=== Section Start ===

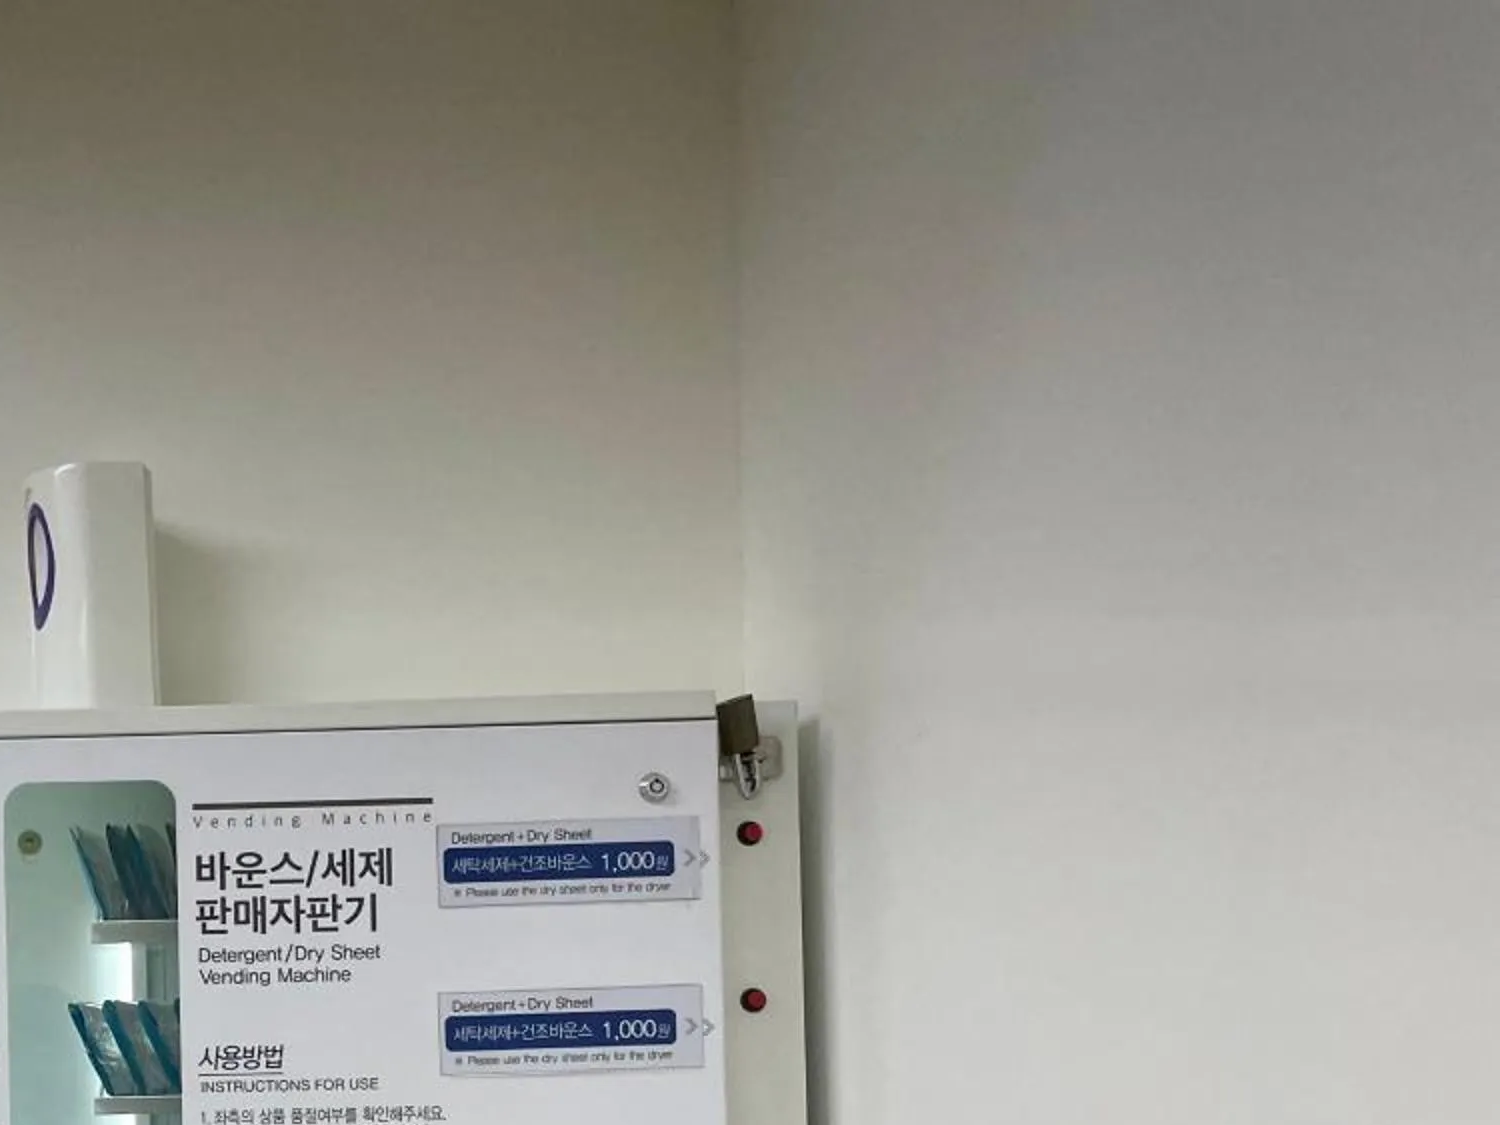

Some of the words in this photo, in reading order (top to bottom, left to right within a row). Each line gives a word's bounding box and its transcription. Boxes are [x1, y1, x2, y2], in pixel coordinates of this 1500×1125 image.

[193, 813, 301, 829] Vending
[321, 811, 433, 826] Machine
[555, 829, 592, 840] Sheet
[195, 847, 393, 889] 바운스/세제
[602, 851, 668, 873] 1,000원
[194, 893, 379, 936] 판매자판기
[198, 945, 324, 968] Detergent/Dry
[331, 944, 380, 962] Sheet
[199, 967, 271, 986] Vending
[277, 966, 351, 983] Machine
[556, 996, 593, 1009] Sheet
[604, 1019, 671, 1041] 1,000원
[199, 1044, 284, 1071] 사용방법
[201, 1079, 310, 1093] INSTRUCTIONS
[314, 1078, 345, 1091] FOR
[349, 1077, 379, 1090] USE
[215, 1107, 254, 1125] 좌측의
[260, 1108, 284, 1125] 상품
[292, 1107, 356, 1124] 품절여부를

=== Section End ===

Where the data contains images, drop them and print the rest exactly.

Some of the words in this photo, in reading order (top to bottom, left to right within a row). Each line gives a word's bounding box and its transcription. Boxes are [x1, y1, x2, y2], in pixel coordinates of this 1500×1125 image.

[193, 813, 301, 829] Vending
[321, 811, 433, 826] Machine
[555, 829, 592, 840] Sheet
[195, 847, 393, 889] 바운스/세제
[602, 851, 668, 873] 1,000원
[194, 893, 379, 936] 판매자판기
[198, 945, 324, 968] Detergent/Dry
[331, 944, 380, 962] Sheet
[199, 967, 271, 986] Vending
[277, 966, 351, 983] Machine
[556, 996, 593, 1009] Sheet
[604, 1019, 671, 1041] 1,000원
[199, 1044, 284, 1071] 사용방법
[201, 1079, 310, 1093] INSTRUCTIONS
[314, 1078, 345, 1091] FOR
[349, 1077, 379, 1090] USE
[215, 1107, 254, 1125] 좌측의
[260, 1108, 284, 1125] 상품
[292, 1107, 356, 1124] 품절여부를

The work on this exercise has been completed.